__Problem details__.
Retype the records in full, and please keep the pictures out of the copy.

__Study material__.

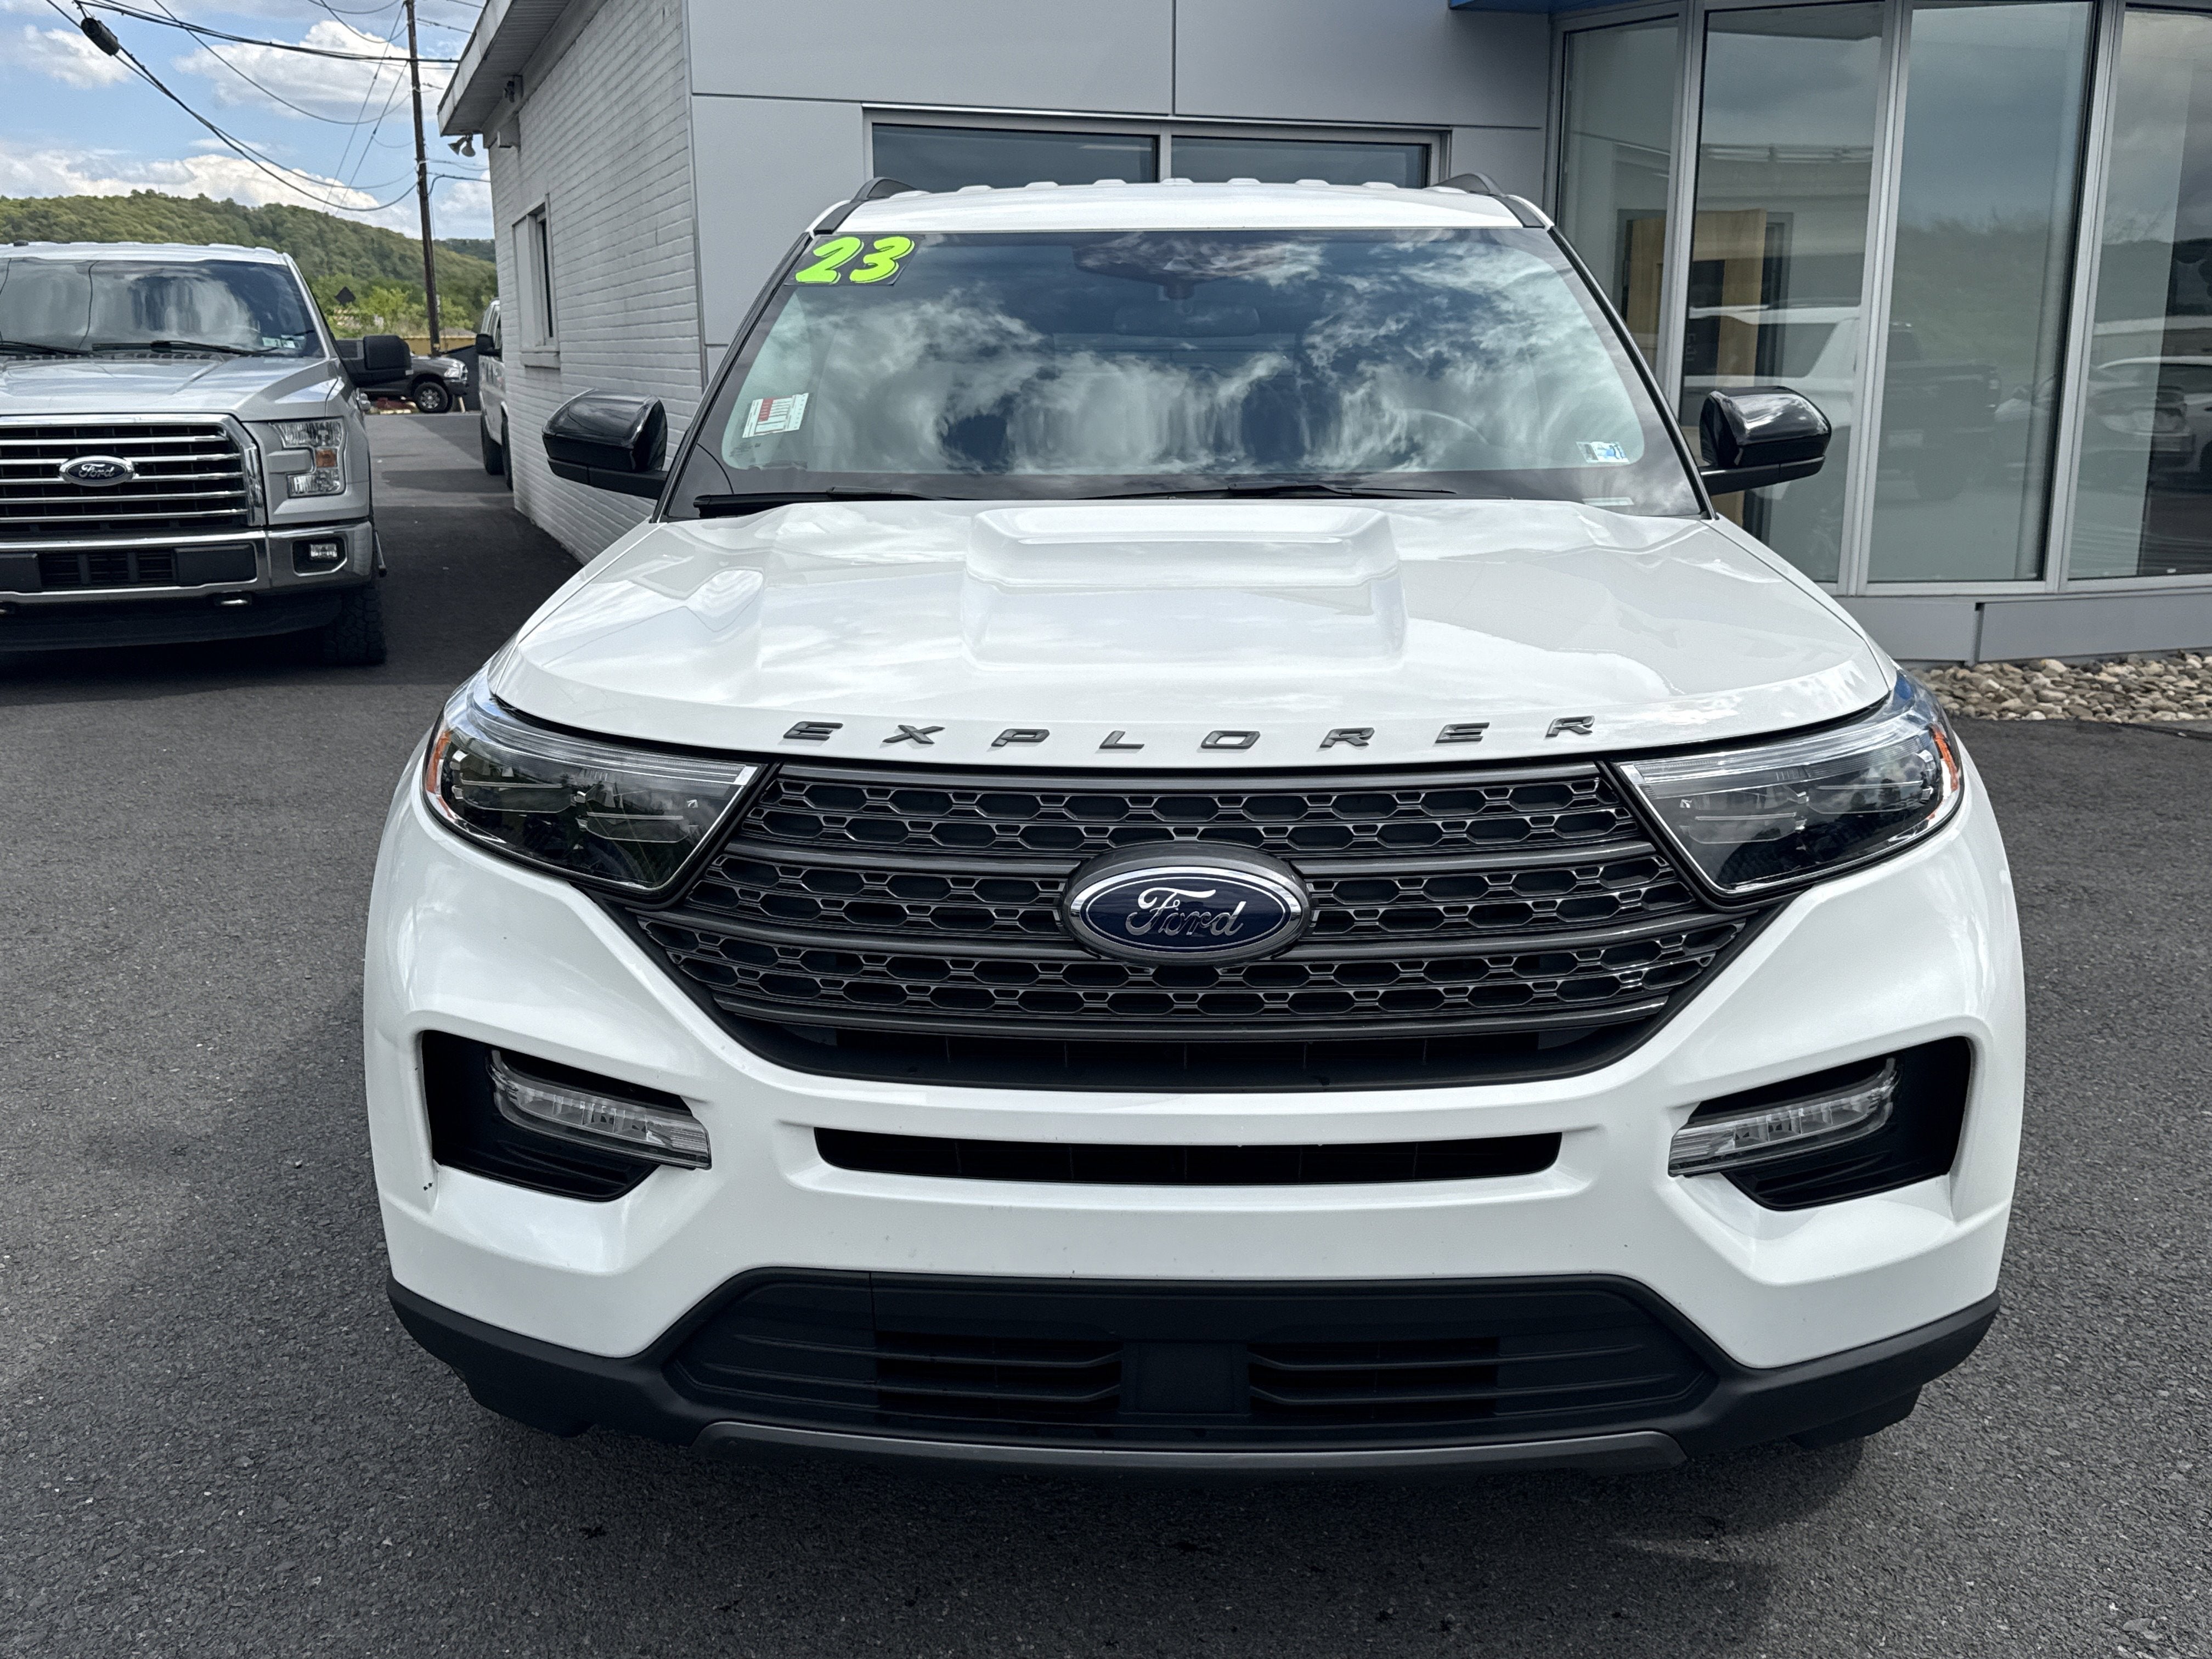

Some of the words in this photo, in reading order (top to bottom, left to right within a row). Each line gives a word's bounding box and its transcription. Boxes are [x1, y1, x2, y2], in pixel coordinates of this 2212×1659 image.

[795, 236, 915, 284] 23
[78, 463, 115, 478] Ford
[782, 715, 1595, 749] EXPLORER
[1125, 887, 1246, 936] Ford

__The answer__.
Some of the words in this photo, in reading order (top to bottom, left to right within a row). Each line gives a word's bounding box and its transcription. Boxes are [x1, y1, x2, y2], in pixel coordinates of this 2212×1659 image.

[795, 236, 915, 284] 23
[78, 463, 115, 478] Ford
[782, 715, 1595, 749] EXPLORER
[1125, 887, 1246, 936] Ford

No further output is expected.